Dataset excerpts
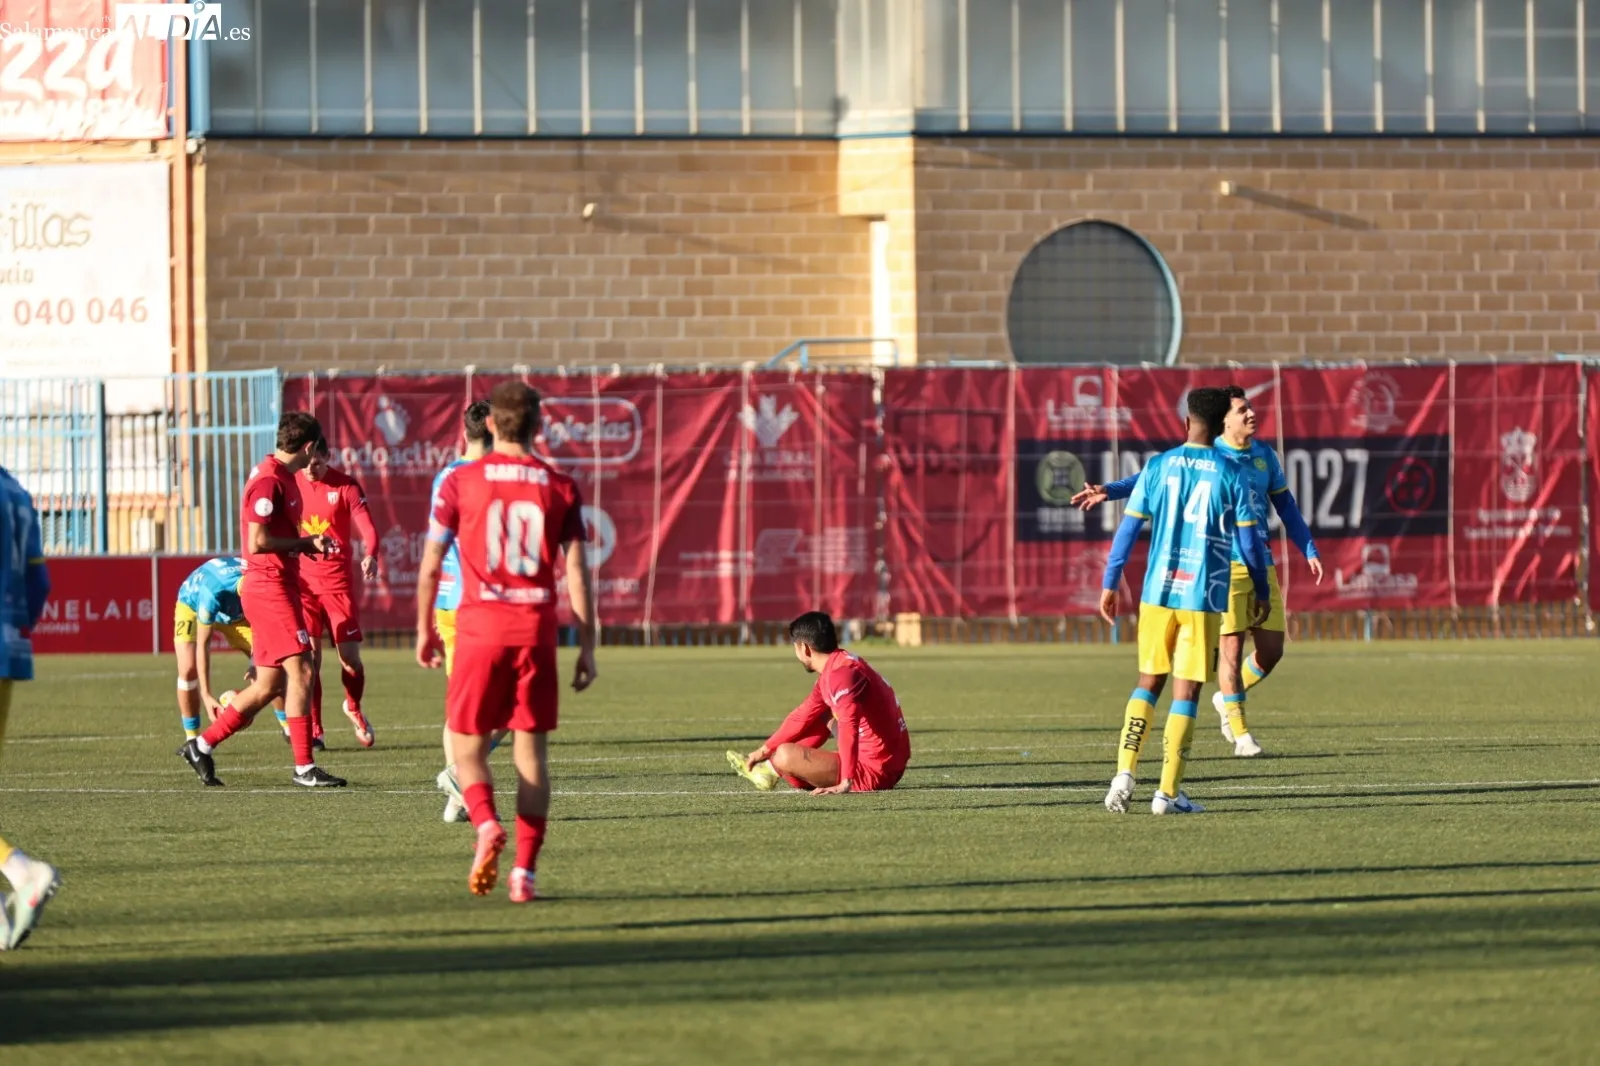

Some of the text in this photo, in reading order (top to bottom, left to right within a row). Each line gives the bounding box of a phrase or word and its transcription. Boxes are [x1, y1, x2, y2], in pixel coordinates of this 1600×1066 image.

[13, 296, 149, 326] 040 046
[1168, 455, 1219, 473] FAYSEL
[1166, 475, 1213, 535] 14
[486, 498, 546, 577] 10
[176, 620, 193, 637] 21
[1123, 716, 1149, 753] DIOCES

Problem statement:
The records above are to be restated exactly, with all pictures omitted.

Completed exercise:
Some of the text in this photo, in reading order (top to bottom, left to right within a row). Each line gives the bounding box of a phrase or word and its transcription. Boxes are [x1, y1, x2, y2], in pixel coordinates of this 1600×1066 image.

[13, 296, 149, 326] 040 046
[1168, 455, 1219, 473] FAYSEL
[1166, 475, 1213, 535] 14
[486, 498, 546, 577] 10
[176, 620, 193, 637] 21
[1123, 716, 1149, 753] DIOCES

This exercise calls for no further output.